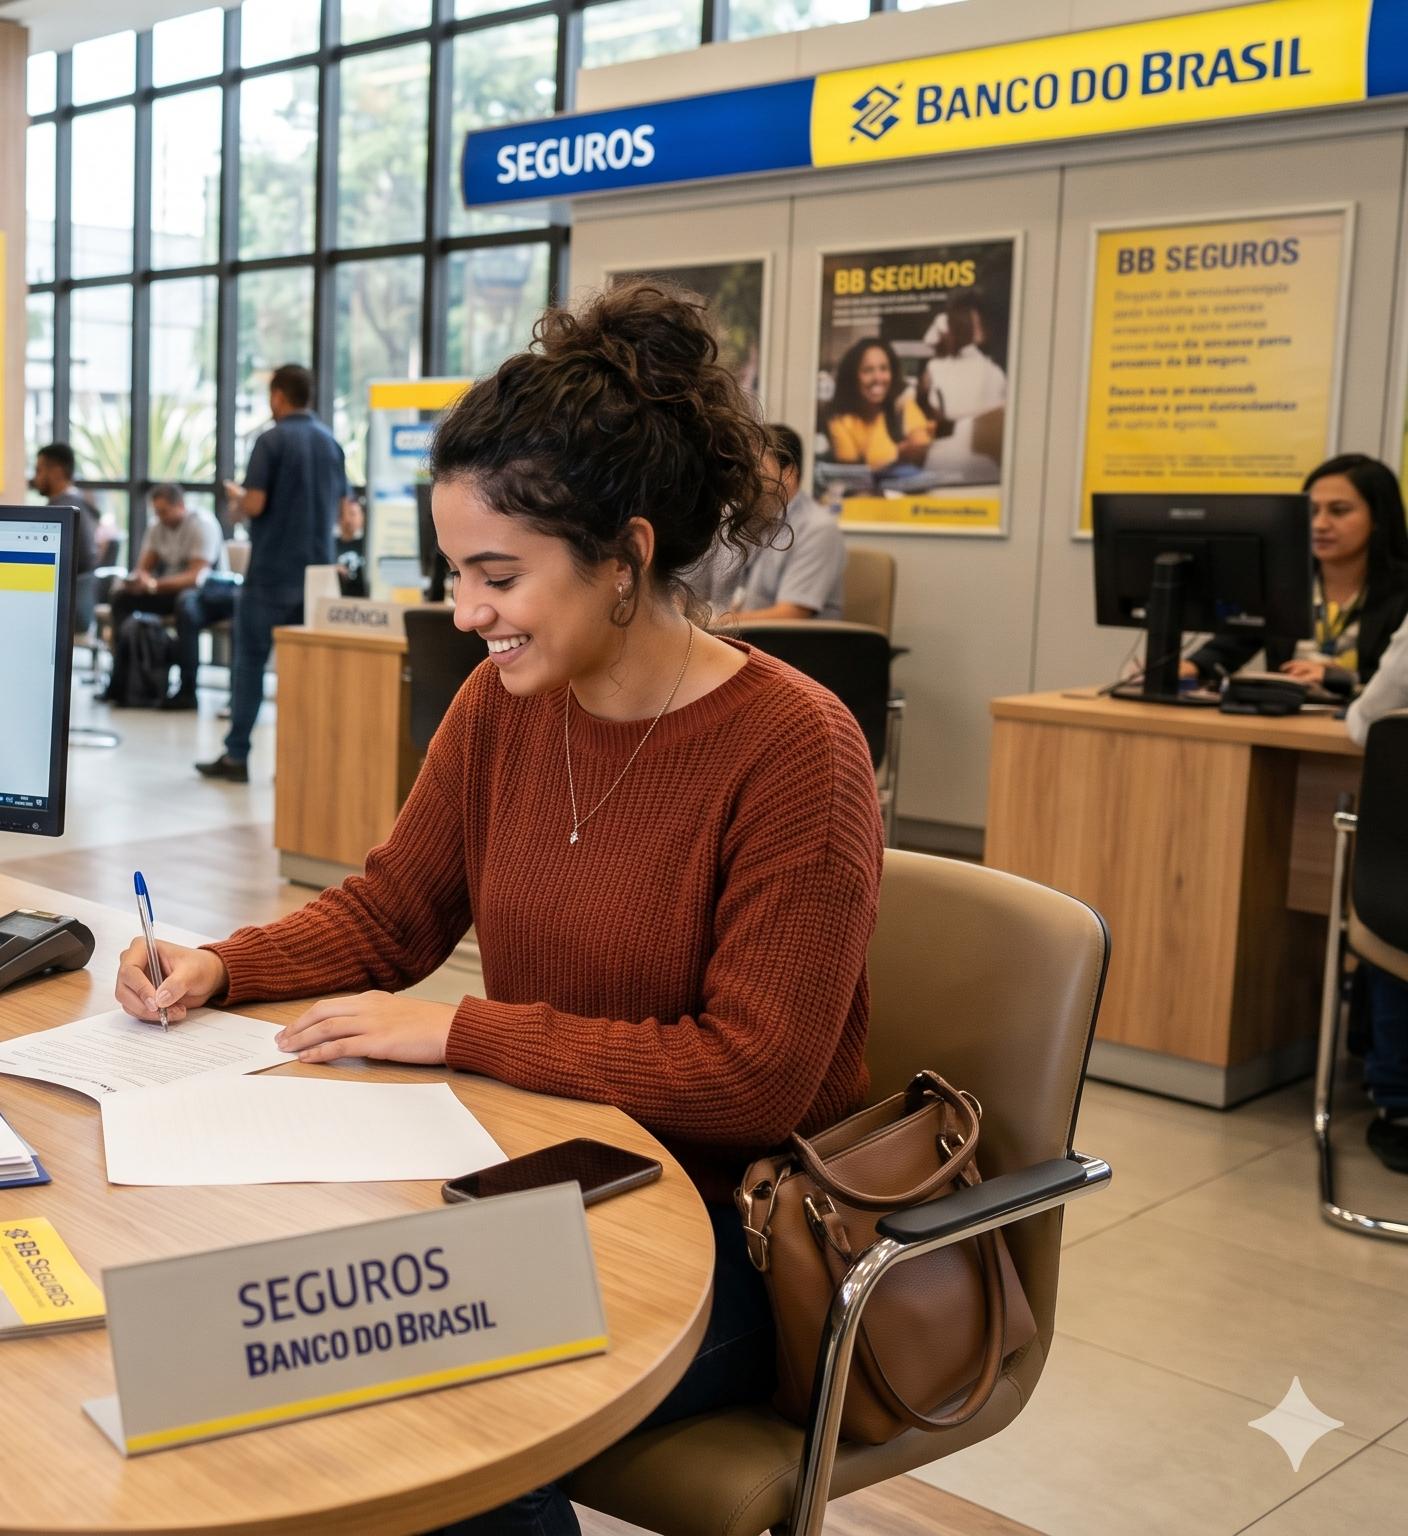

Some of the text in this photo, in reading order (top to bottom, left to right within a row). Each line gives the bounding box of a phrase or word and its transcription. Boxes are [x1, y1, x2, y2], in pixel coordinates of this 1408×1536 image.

[916, 38, 1311, 125] BANCO DO BRASIL
[497, 124, 655, 184] SEGUROS
[833, 259, 976, 295] BB SEGUROS
[1116, 237, 1300, 276] BB SEGUROS
[328, 605, 388, 627] GERÊNCIA
[238, 1247, 450, 1328] SEGUROS
[245, 1301, 497, 1378] BANCO DO BRASIL
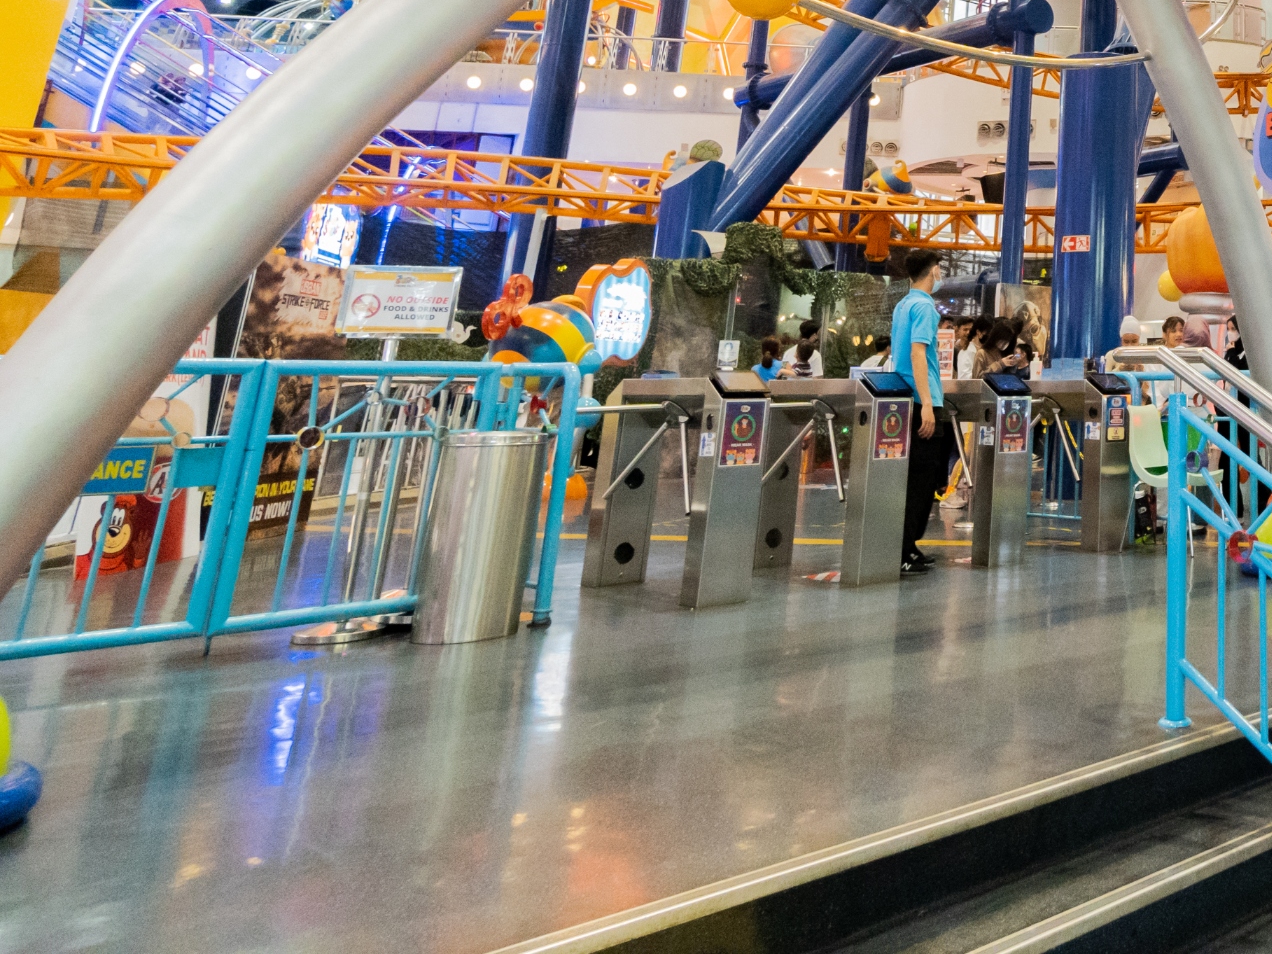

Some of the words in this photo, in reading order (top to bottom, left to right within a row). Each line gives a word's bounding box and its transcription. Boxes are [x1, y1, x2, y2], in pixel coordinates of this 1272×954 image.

[309, 297, 331, 312] FORCE
[386, 295, 403, 304] NO
[90, 459, 147, 481] ANCE
[264, 500, 292, 520] NOW!
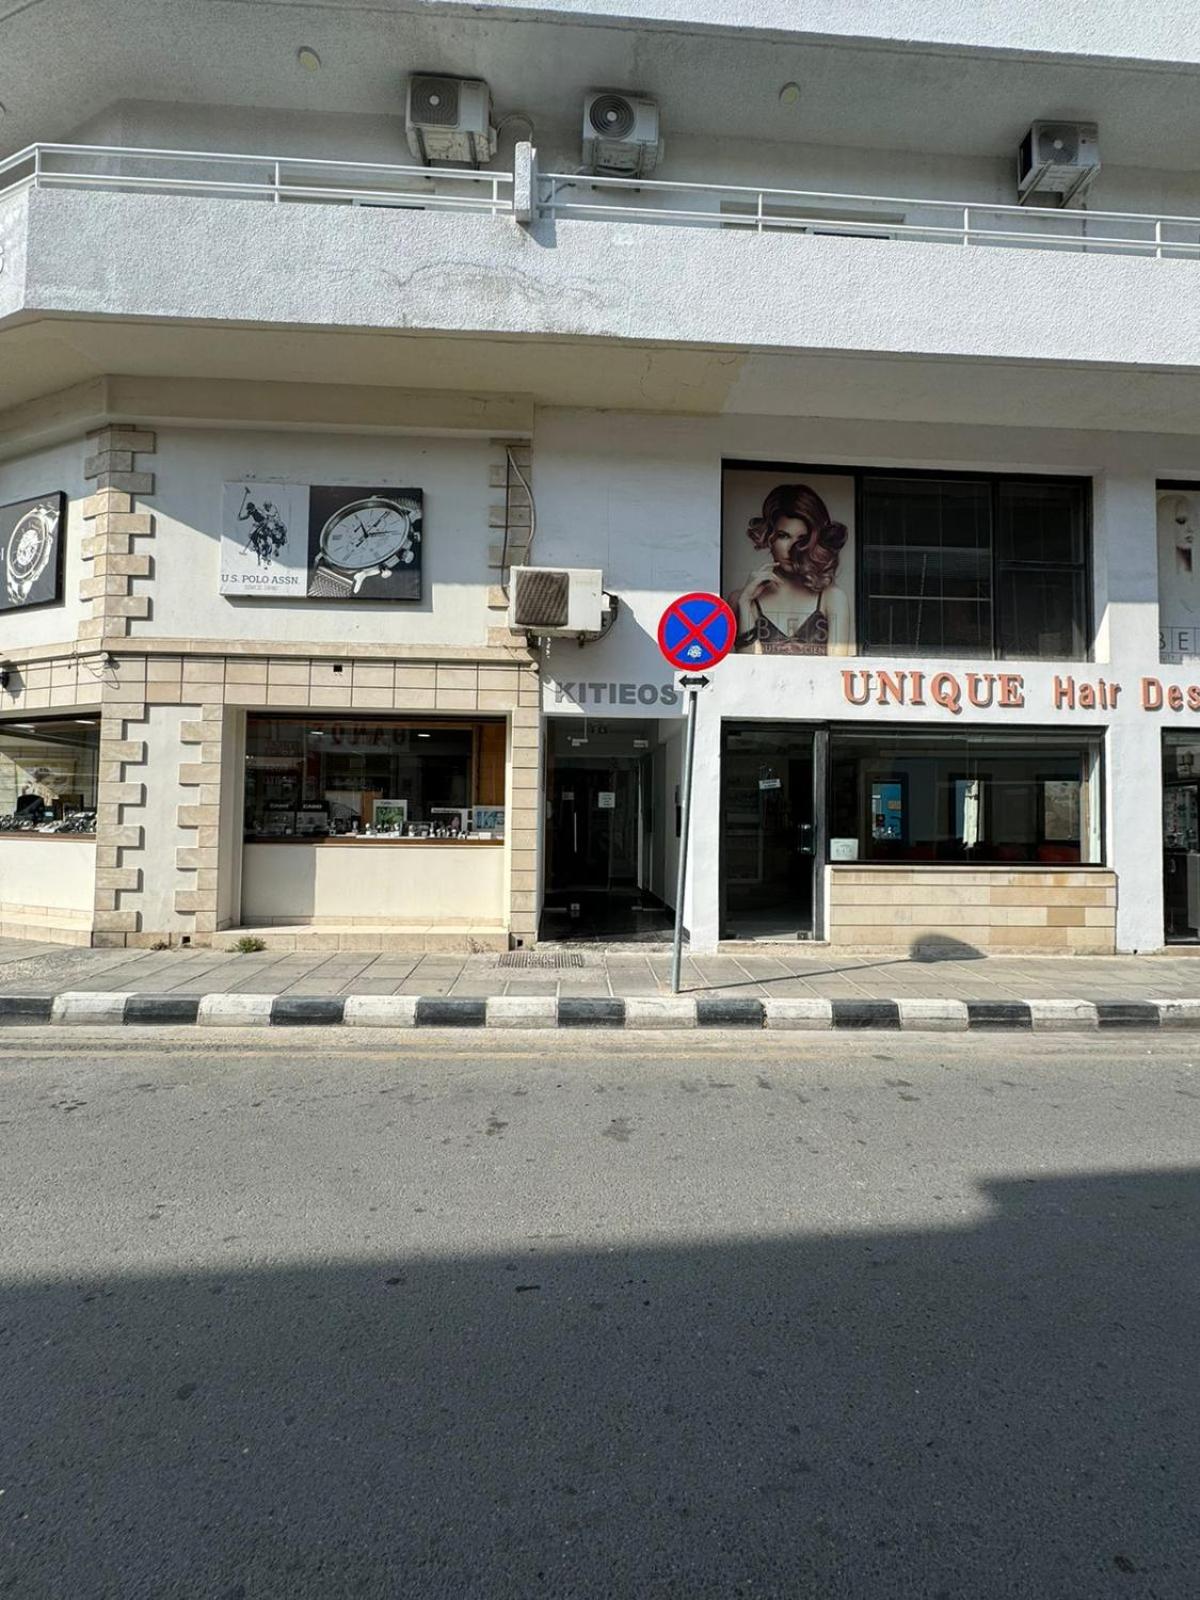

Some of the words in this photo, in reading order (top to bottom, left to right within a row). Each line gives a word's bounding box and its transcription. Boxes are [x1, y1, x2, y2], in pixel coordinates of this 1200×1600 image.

[242, 575, 269, 584] POLO
[555, 682, 678, 706] KITIEOS
[840, 670, 1025, 715] UNIQUE
[1053, 675, 1122, 711] Hair
[1141, 676, 1200, 712] Des

### Exercise aim:
Write out, word for word, the line containing "this 1272×954 image." and each line after it to the end of the data, and nothing more. Drop the pictures.

### Solution to this problem:
Some of the words in this photo, in reading order (top to bottom, left to right within a row). Each line gives a word's bounding box and its transcription. Boxes are [x1, y1, x2, y2], in pixel coordinates of this 1272×954 image.

[309, 297, 331, 312] FORCE
[386, 295, 403, 304] NO
[90, 459, 147, 481] ANCE
[264, 500, 292, 520] NOW!

Some of the words in this photo, in reading order (top to bottom, left to right within a row). Each line gives a word's bounding box and its transcription. Boxes are [x1, y1, x2, y2], in pixel coordinates of this 1200×1600 image.

[242, 575, 269, 584] POLO
[555, 682, 678, 706] KITIEOS
[840, 670, 1025, 715] UNIQUE
[1053, 675, 1122, 711] Hair
[1141, 676, 1200, 712] Des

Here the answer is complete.